Warning, my review was not for you
only that his process is pretty bad.

 

[mlnevese]

Nahhh everyone knows the only testing method that works is running 2000 supposedly malware samples at once then criticize the product when it didn't detect a perfectly clean sample that often has an interface in a language you do not speak.

 

[tofargone]

Nahhh everyone knows the only testing method that works is running 2000 supposedly malware samples at once then criticize the product when it didn't detect a perfectly clean sample that often has an interface in a language you do not speak.

it didn't detect a perfectly clean sample that often has an interface in a language you do not speak.......... Sorry I don't get it?

 

[mlnevese]

it didn't detect a perfectly clean sample that often has an interface in a language you do not speak.......... Sorry I don't get it?

That's normal in many videos of people who want to test malware. They don't test the sample for actual malware and if it opens a software, it's considered malware automatically. Even if it's just a normal software in some other language. If it's Chinese or Russian some of these "testers" will automatically think it's malware.
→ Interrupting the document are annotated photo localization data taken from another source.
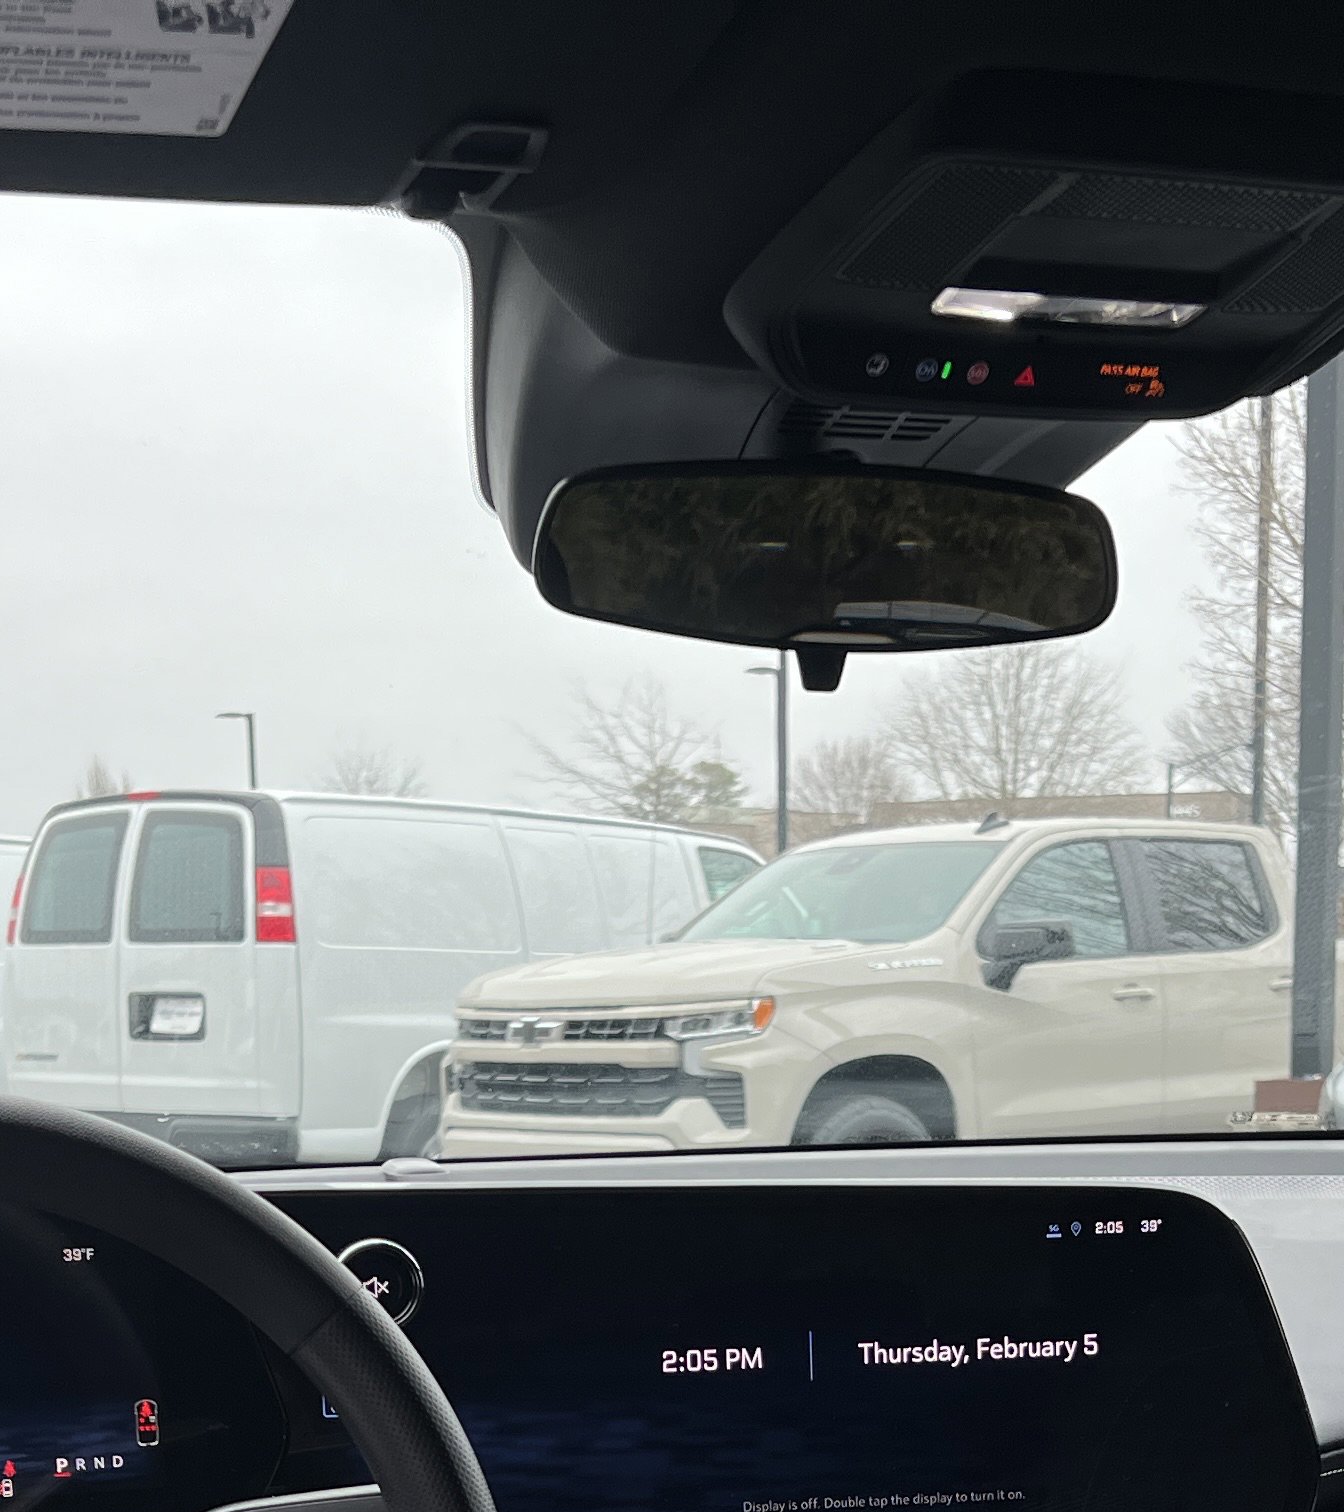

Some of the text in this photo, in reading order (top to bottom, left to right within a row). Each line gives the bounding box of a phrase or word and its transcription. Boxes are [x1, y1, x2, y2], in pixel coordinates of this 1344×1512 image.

[1095, 1219, 1162, 1234] 2:05 39°
[62, 1247, 95, 1262] 39°F
[662, 1347, 763, 1372] 2:05 PM
[858, 1333, 1098, 1367] Thursday, February 5
[56, 1455, 124, 1473] P R N D
[788, 1499, 798, 1511] is
[824, 1496, 865, 1509] Double
[868, 1495, 888, 1509] tap
[890, 1494, 910, 1506] the
[913, 1491, 953, 1506] display
[956, 1492, 968, 1503] to
[970, 1491, 994, 1502] turn
[997, 1490, 1005, 1500] it
[1008, 1490, 1026, 1500] on.
As a general hint for anyone who wants to do testing, not everything in the malware sites is actually malware

 

[CyberDevil]

In the test with Avast, did he only use Malwarebytes to check the system after the test? In general, and such tests have the right to be. It's always interesting just to see the detection rate of some engine compared to others, although this comparison is not accurate as there is a very long time between some tests, but interesting. I am again convinced that Eset has a very good engine, a little sad for Avast.

 

[tofargone]

In the test with Avast, did he only use Malwarebytes to check the system after the test? In general, and such tests have the right to be. It's always interesting just to see the detection rate of some engine compared to others, although this comparison is not accurate as there is a very long time between some tests, but interesting. I am again convinced that Eset has a very good engine, a little sad for Avast.

OK I get it.

He didn't do the tests correctly or as thoroughly as needed.
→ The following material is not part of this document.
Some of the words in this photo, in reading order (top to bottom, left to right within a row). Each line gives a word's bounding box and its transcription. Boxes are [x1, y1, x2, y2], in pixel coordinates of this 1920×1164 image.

My point is, If you just stop after that first scan on 300 or 400 files, and notice the quarantine 'or deletion results, that was a wow moment for me.

A few AV's did nothing, others caught all but 40,files or all but 10, or all but 15 ETC.

 

[Behold Eck]

Still I found it interesting that webroot and I think comodo , didn't even react to the scan on the 400 bad files

I think that was Zonealarm that totally bombed, those two you mentioned detected and blocked quite a lot.

Anyway these tests feel like he just gets bored with the whole process of executing the undetected samples and then abandons it moving on to the next AV.

Regards Eck

 

[tofargone]

I think that was Zonealarm that totally bombed, those two you mentioned detected and blocked quite a lot.

Anyway these tests feel like he just gets bored with the whole process of executing the undetected samples and then abandons it moving on to the next AV.

Regards Eck

Yea I think your right it was ZA and webroot that caught zero files on scan. I was surprised Comodo did pretty good on the virus scan.